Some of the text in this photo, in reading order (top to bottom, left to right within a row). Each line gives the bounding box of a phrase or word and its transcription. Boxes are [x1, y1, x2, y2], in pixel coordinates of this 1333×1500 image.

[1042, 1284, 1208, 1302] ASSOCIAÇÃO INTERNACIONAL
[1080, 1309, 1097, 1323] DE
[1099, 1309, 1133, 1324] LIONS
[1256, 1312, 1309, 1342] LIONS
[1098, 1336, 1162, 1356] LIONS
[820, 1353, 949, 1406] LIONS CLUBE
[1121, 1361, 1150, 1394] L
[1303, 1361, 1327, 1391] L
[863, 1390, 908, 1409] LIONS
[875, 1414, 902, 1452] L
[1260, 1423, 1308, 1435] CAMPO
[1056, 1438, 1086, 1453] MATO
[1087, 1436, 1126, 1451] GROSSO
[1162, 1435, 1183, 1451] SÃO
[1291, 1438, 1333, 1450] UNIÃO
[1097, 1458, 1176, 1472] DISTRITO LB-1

[Exercise objective] Word for word, set down the complete listing once more.

[Result]
Some of the text in this photo, in reading order (top to bottom, left to right within a row). Each line gives the bounding box of a phrase or word and its transcription. Boxes are [x1, y1, x2, y2], in pixel coordinates of this 1333×1500 image.

[1042, 1284, 1208, 1302] ASSOCIAÇÃO INTERNACIONAL
[1080, 1309, 1097, 1323] DE
[1099, 1309, 1133, 1324] LIONS
[1256, 1312, 1309, 1342] LIONS
[1098, 1336, 1162, 1356] LIONS
[820, 1353, 949, 1406] LIONS CLUBE
[1121, 1361, 1150, 1394] L
[1303, 1361, 1327, 1391] L
[863, 1390, 908, 1409] LIONS
[875, 1414, 902, 1452] L
[1260, 1423, 1308, 1435] CAMPO
[1056, 1438, 1086, 1453] MATO
[1087, 1436, 1126, 1451] GROSSO
[1162, 1435, 1183, 1451] SÃO
[1291, 1438, 1333, 1450] UNIÃO
[1097, 1458, 1176, 1472] DISTRITO LB-1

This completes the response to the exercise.